::: Entries supplied :::
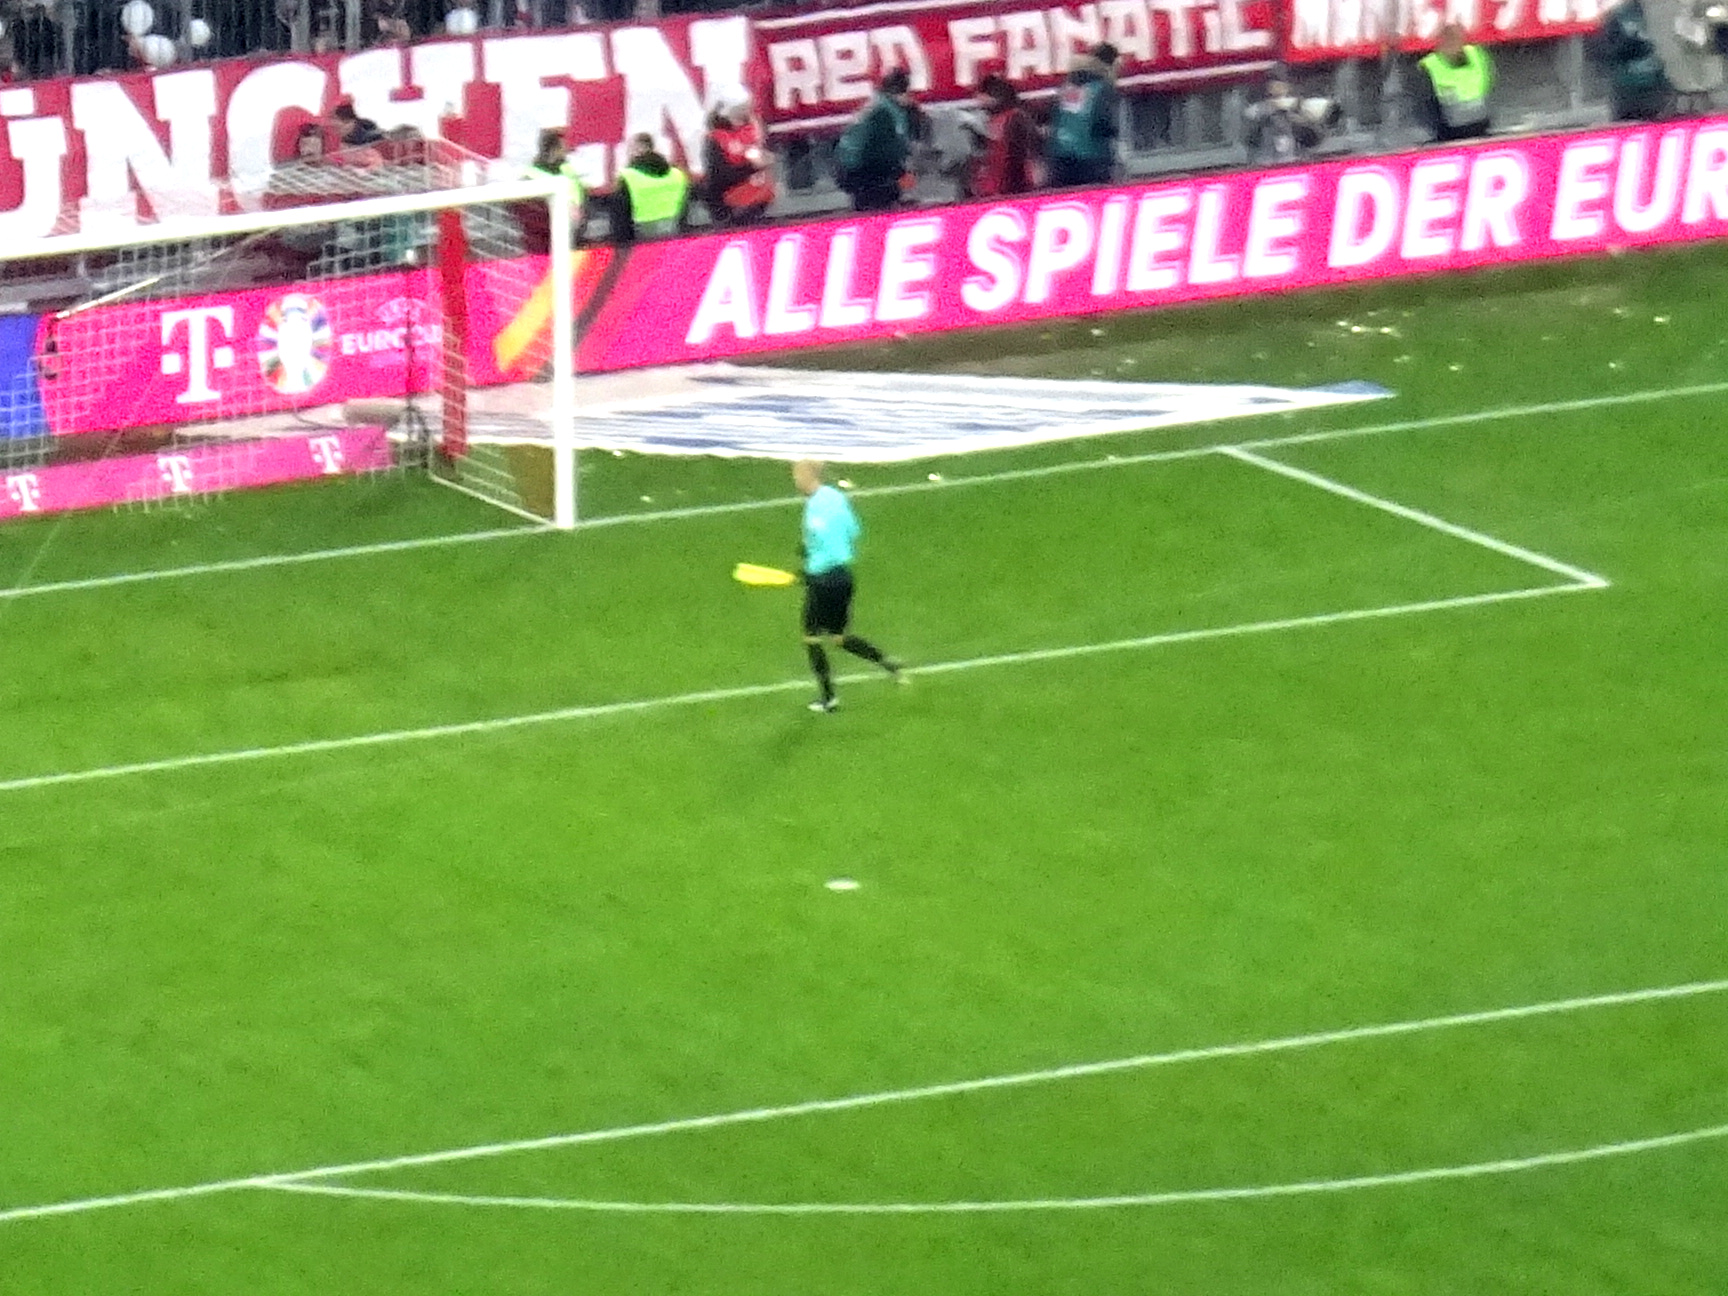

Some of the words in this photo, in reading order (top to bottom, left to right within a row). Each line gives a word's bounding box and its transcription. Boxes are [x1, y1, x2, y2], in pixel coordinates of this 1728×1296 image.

[685, 216, 942, 346] ALLE
[960, 173, 1311, 312] SPIELE
[1327, 150, 1530, 269] DER
[1549, 122, 1728, 242] EUR
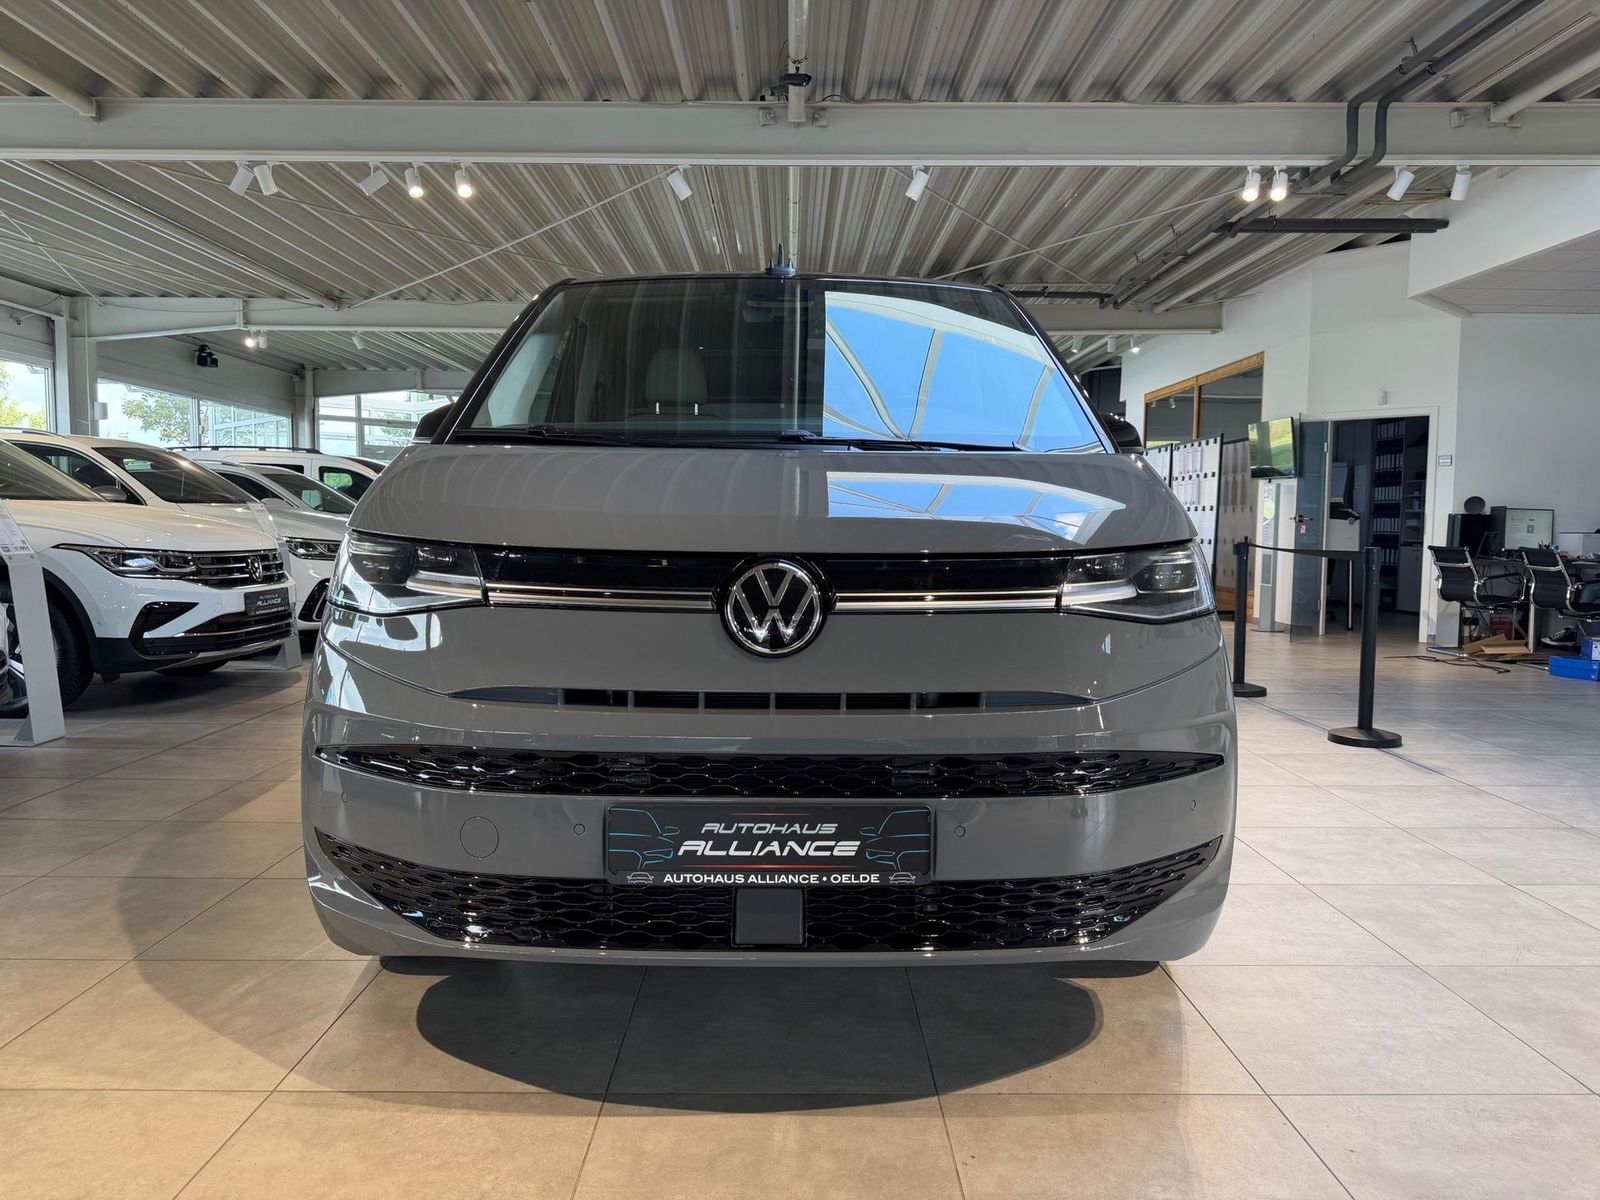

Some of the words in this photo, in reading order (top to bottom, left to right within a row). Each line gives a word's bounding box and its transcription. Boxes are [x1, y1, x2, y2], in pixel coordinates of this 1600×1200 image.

[701, 823, 838, 834] AUTOHAUS
[678, 840, 861, 856] ALLIANCE
[663, 873, 744, 883] AUTOHAUS
[747, 874, 819, 884] ALLIANCE
[830, 874, 880, 884] OELDE
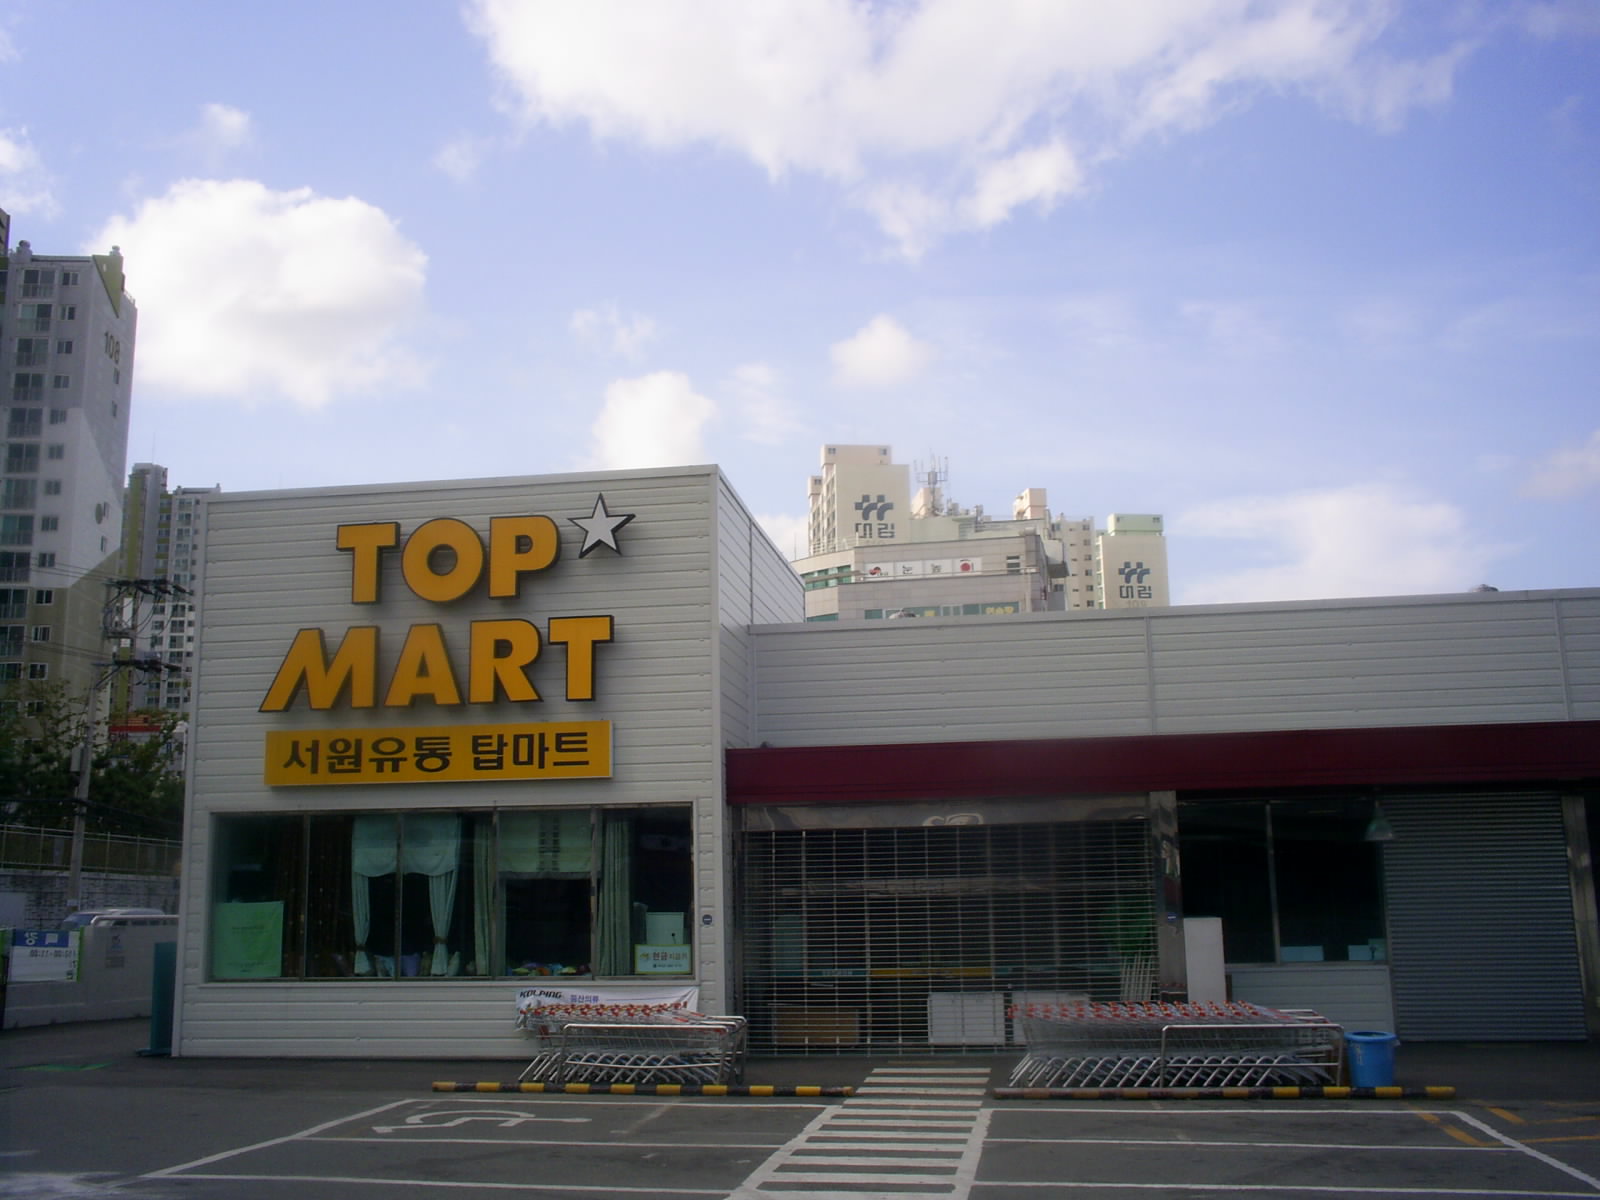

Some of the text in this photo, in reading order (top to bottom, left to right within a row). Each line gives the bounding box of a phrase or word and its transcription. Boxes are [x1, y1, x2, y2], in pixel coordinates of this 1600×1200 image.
:::
**What the exercise asks:**
Repeat each record as given. No picture belongs in the copy.

**Response area:**
Some of the words in this photo, in reading order (top to bottom, left to right within a row). Each line gives a word's bounding box and its transcription. Boxes are [x1, y1, x2, y2], in pixel coordinates of this 1728×1296 image.

[685, 216, 942, 346] ALLE
[960, 173, 1311, 312] SPIELE
[1327, 150, 1530, 269] DER
[1549, 122, 1728, 242] EUR

Some of the words in this photo, in reading order (top to bottom, left to right within a row). Each line gives a word's bounding box and its transcription. Boxes are [x1, y1, x2, y2], in pixel coordinates of this 1600×1200 image.

[701, 823, 838, 834] AUTOHAUS
[678, 840, 861, 856] ALLIANCE
[663, 873, 744, 883] AUTOHAUS
[747, 874, 819, 884] ALLIANCE
[830, 874, 880, 884] OELDE

Some of the text in this photo, in reading order (top to bottom, left to right within a row). Each line gives the bounding box of a phrase or word and its transcription. Boxes are [x1, y1, x2, y2], in pixel coordinates of this 1600×1200 image.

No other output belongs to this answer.